• WHAT THE EXERCISE ASKS: Down to the last line below, repeat the entries word for word and drop the pictures.

Saved data entries:
Content starts

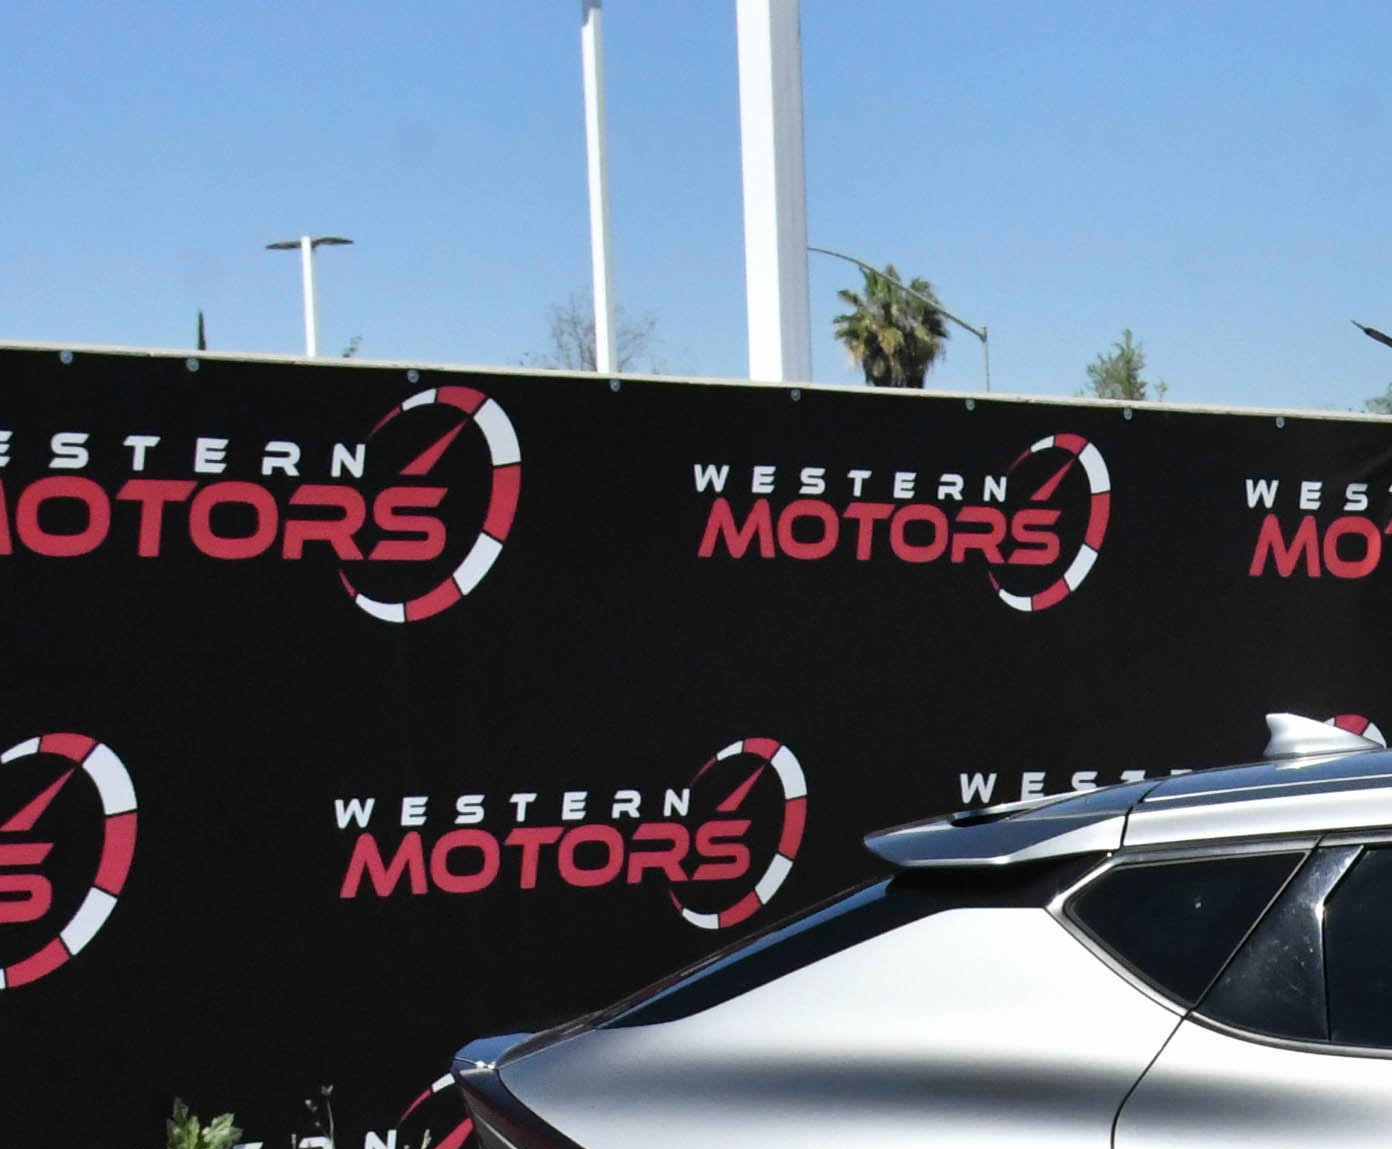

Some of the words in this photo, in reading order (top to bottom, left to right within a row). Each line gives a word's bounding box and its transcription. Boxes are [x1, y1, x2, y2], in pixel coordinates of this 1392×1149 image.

[694, 464, 1007, 503] WESTERN
[0, 475, 448, 561] OTORS
[698, 498, 1061, 565] MOTORS
[334, 788, 690, 829] WESTERN
[340, 820, 752, 899] MOTORS

Content ends

• THE COMPLETED TASK:
Some of the words in this photo, in reading order (top to bottom, left to right within a row). Each line gives a word's bounding box and its transcription. Boxes are [x1, y1, x2, y2], in pixel coordinates of this 1392×1149 image.

[694, 464, 1007, 503] WESTERN
[0, 475, 448, 561] OTORS
[698, 498, 1061, 565] MOTORS
[334, 788, 690, 829] WESTERN
[340, 820, 752, 899] MOTORS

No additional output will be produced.